§ **Required work**
Return each line of the records with nothing changed, pictures excepted.

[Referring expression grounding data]
*** Block opens ***

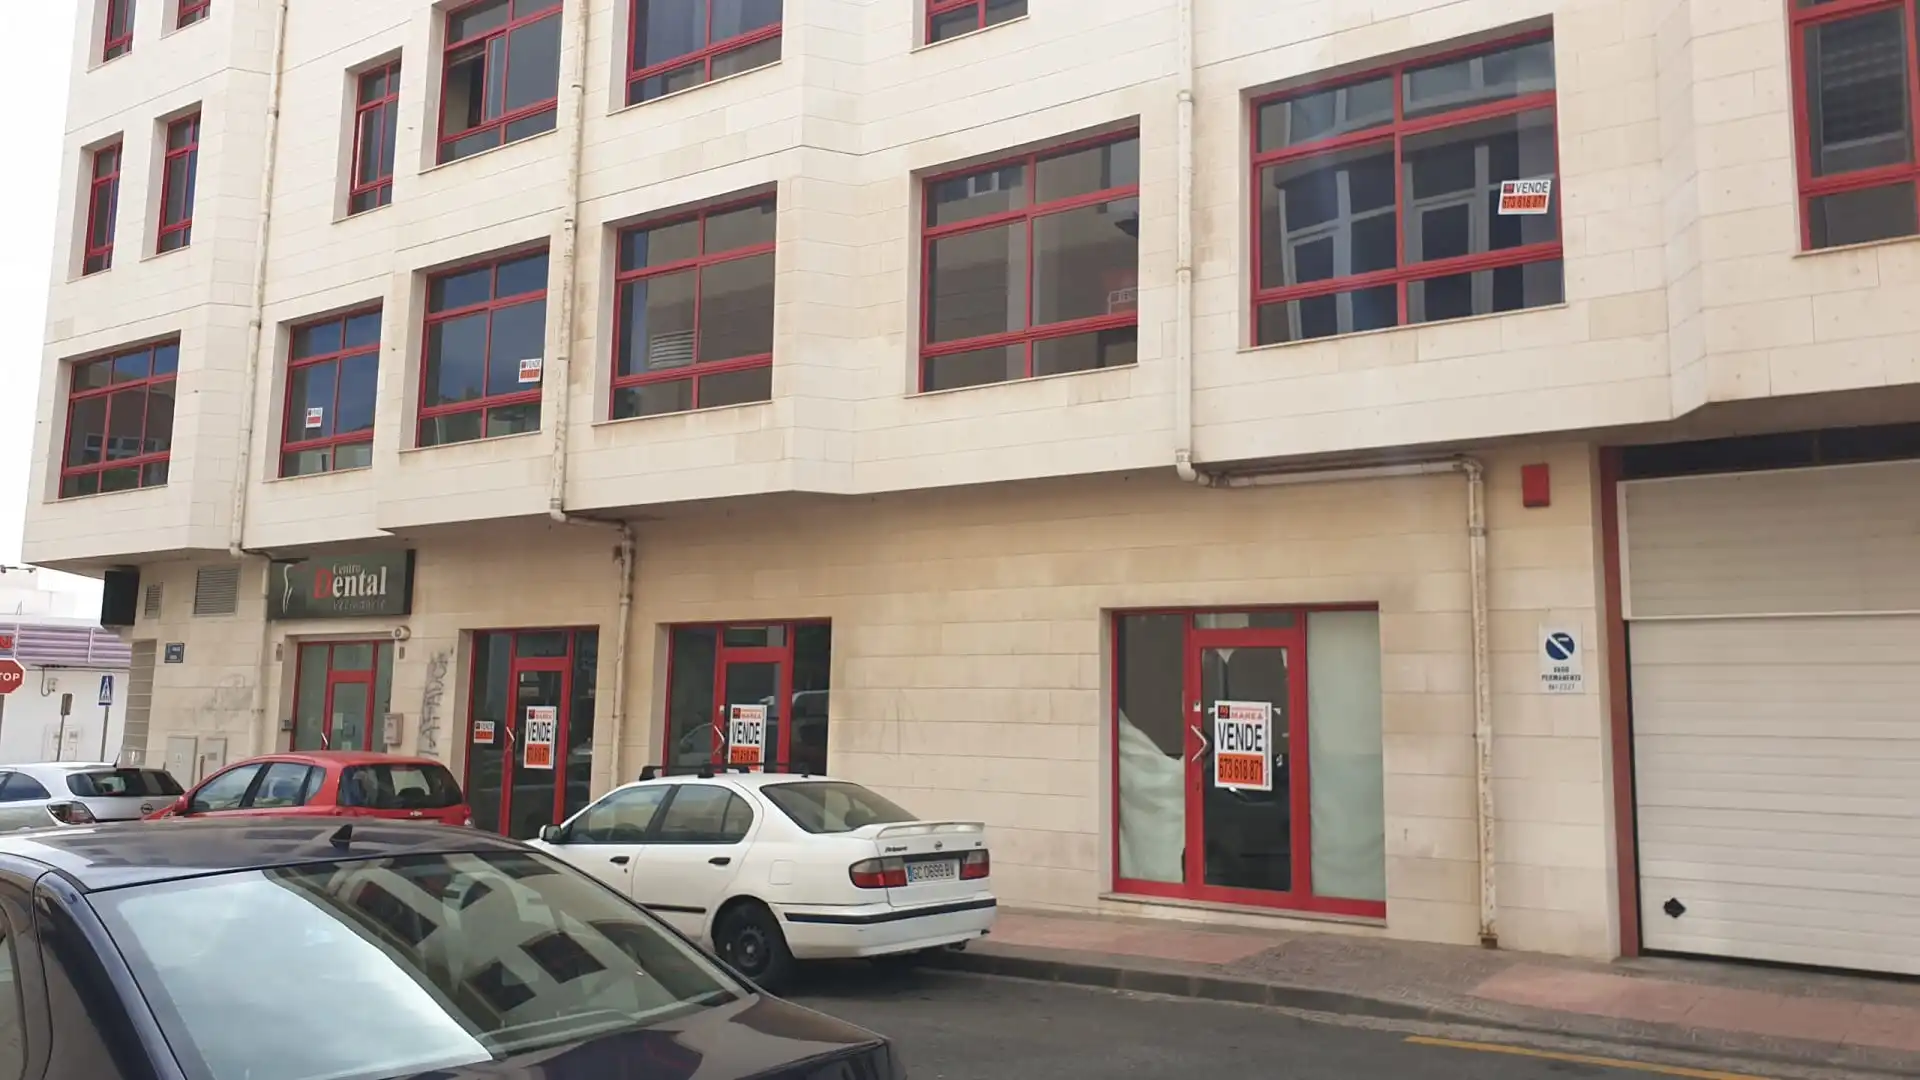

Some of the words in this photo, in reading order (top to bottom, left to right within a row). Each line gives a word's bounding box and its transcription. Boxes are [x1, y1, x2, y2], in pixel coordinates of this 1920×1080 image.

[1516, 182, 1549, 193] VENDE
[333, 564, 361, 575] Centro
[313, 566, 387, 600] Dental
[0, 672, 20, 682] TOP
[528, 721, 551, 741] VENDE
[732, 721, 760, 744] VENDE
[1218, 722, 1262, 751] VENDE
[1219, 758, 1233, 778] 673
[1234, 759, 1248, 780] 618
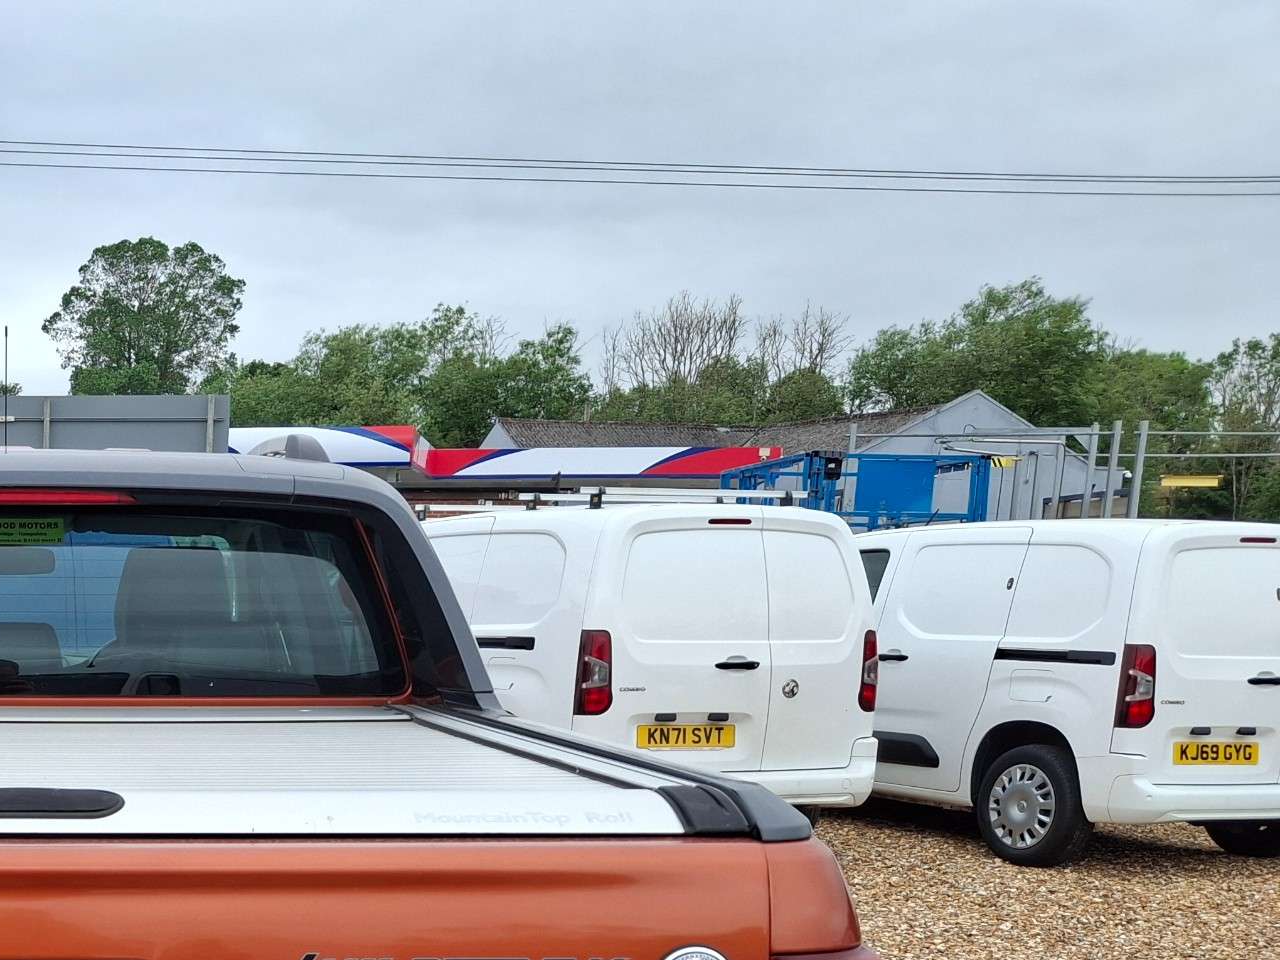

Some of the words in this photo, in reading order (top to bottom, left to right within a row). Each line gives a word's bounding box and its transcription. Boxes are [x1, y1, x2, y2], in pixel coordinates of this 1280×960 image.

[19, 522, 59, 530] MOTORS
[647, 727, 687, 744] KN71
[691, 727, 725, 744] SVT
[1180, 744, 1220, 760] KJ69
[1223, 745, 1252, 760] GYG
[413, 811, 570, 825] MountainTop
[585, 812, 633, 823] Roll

*** Block closes ***

§ **Your solution**
Some of the words in this photo, in reading order (top to bottom, left to right within a row). Each line gives a word's bounding box and its transcription. Boxes are [x1, y1, x2, y2], in pixel coordinates of this 1920×1080 image.

[1516, 182, 1549, 193] VENDE
[333, 564, 361, 575] Centro
[313, 566, 387, 600] Dental
[0, 672, 20, 682] TOP
[528, 721, 551, 741] VENDE
[732, 721, 760, 744] VENDE
[1218, 722, 1262, 751] VENDE
[1219, 758, 1233, 778] 673
[1234, 759, 1248, 780] 618

Some of the words in this photo, in reading order (top to bottom, left to right within a row). Each line gives a word's bounding box and its transcription. Boxes are [x1, y1, x2, y2], in pixel coordinates of this 1280×960 image.

[19, 522, 59, 530] MOTORS
[647, 727, 687, 744] KN71
[691, 727, 725, 744] SVT
[1180, 744, 1220, 760] KJ69
[1223, 745, 1252, 760] GYG
[413, 811, 570, 825] MountainTop
[585, 812, 633, 823] Roll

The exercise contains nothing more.